PROMPT: Drop all images and give the records again exactly.
::::
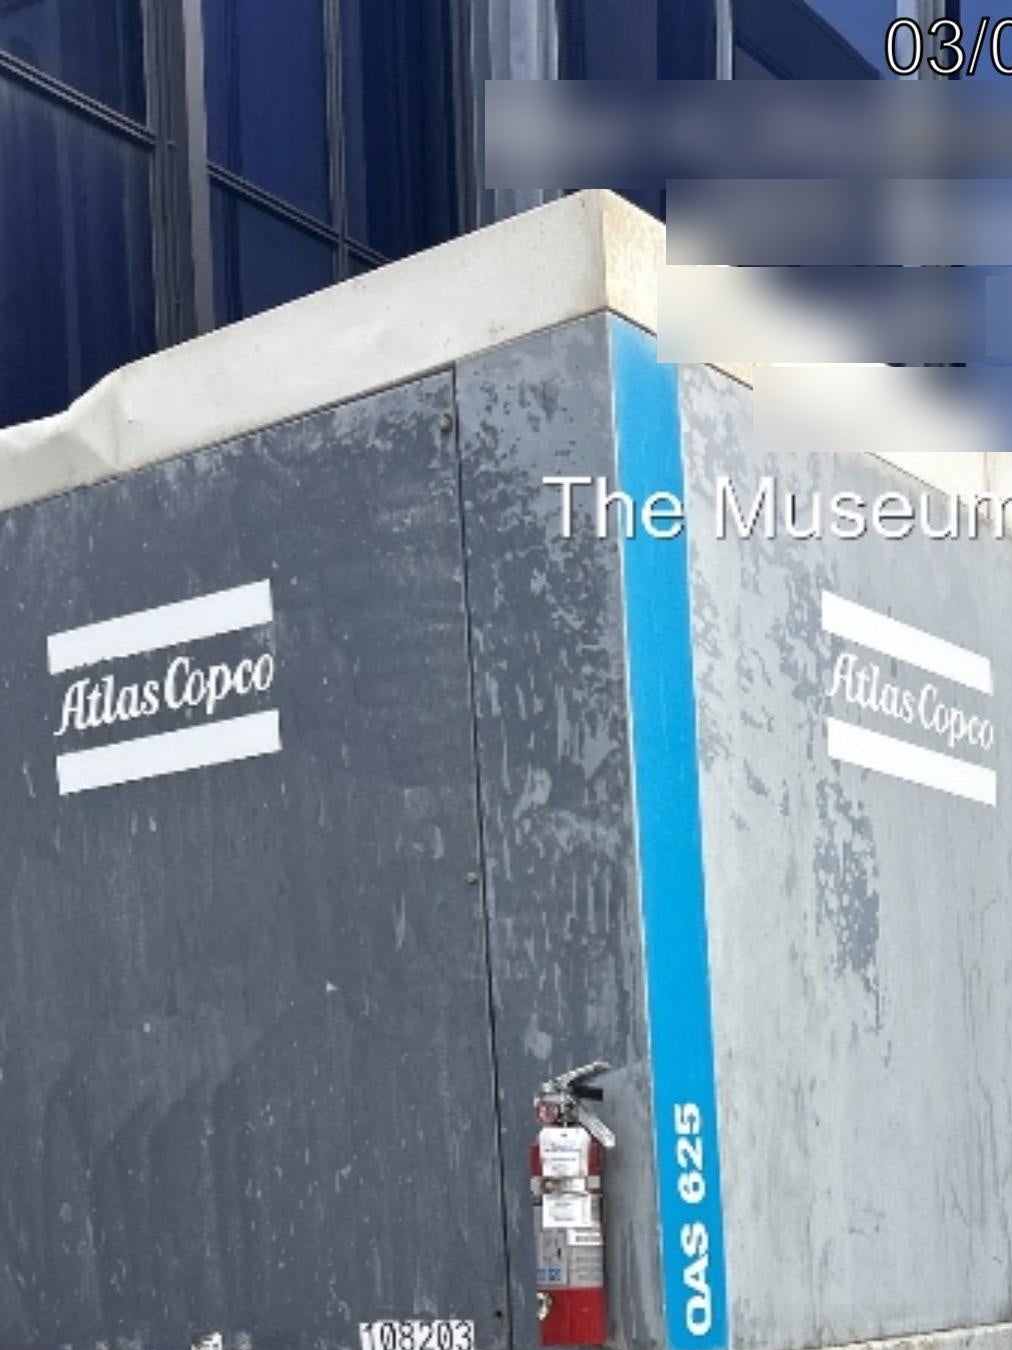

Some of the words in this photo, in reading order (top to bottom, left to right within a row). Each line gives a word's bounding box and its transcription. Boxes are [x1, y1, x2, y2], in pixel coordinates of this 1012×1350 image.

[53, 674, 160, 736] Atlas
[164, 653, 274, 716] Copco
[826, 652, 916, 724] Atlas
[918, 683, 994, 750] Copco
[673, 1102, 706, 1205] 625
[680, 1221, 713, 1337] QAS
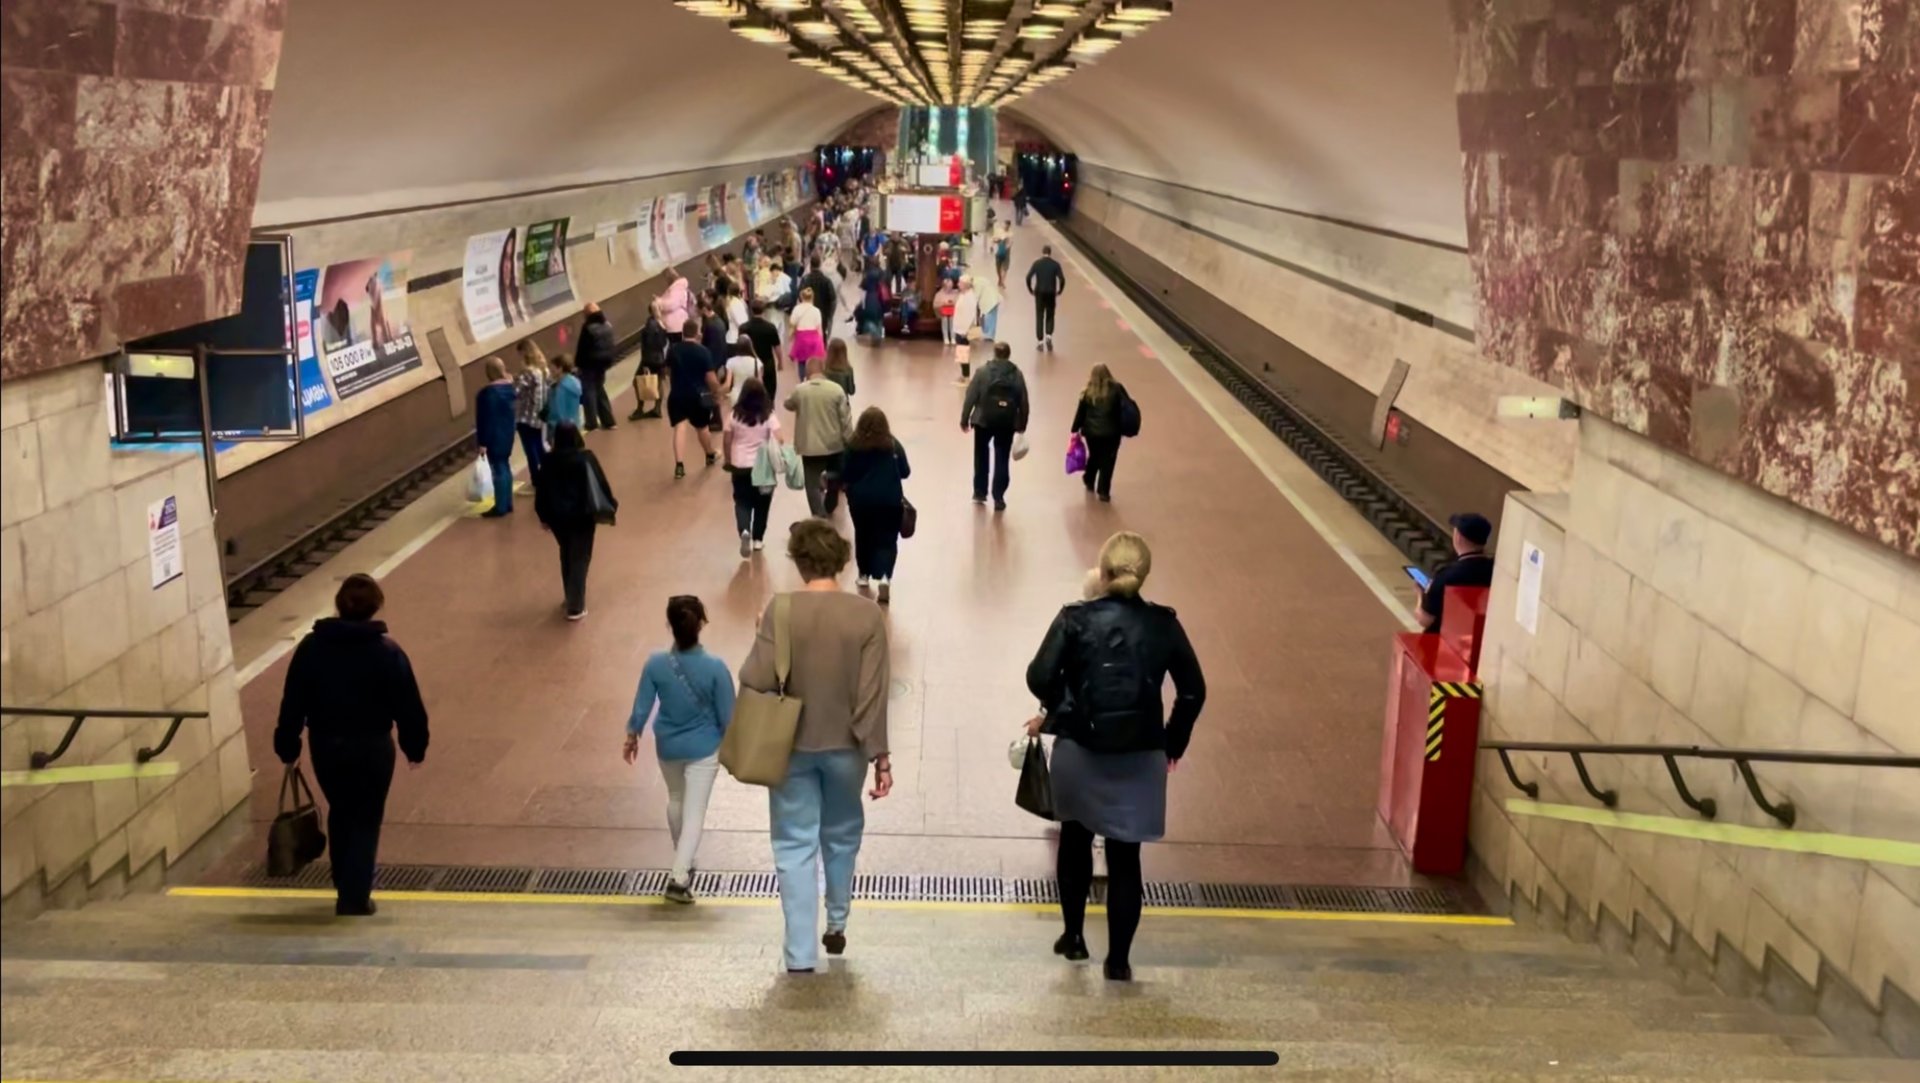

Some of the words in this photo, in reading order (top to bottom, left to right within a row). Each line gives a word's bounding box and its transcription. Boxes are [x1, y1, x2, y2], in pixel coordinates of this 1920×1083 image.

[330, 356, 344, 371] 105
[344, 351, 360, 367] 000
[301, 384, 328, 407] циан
::::
RESPONSE AREA:
Some of the words in this photo, in reading order (top to bottom, left to right within a row). Each line gives a word's bounding box and its transcription. Boxes are [x1, y1, x2, y2], in pixel coordinates of this 1012×1350 image.

[53, 674, 160, 736] Atlas
[164, 653, 274, 716] Copco
[826, 652, 916, 724] Atlas
[918, 683, 994, 750] Copco
[673, 1102, 706, 1205] 625
[680, 1221, 713, 1337] QAS

Some of the words in this photo, in reading order (top to bottom, left to right within a row). Each line gives a word's bounding box and its transcription. Boxes are [x1, y1, x2, y2], in pixel coordinates of this 1920×1083 image.

[330, 356, 344, 371] 105
[344, 351, 360, 367] 000
[301, 384, 328, 407] циан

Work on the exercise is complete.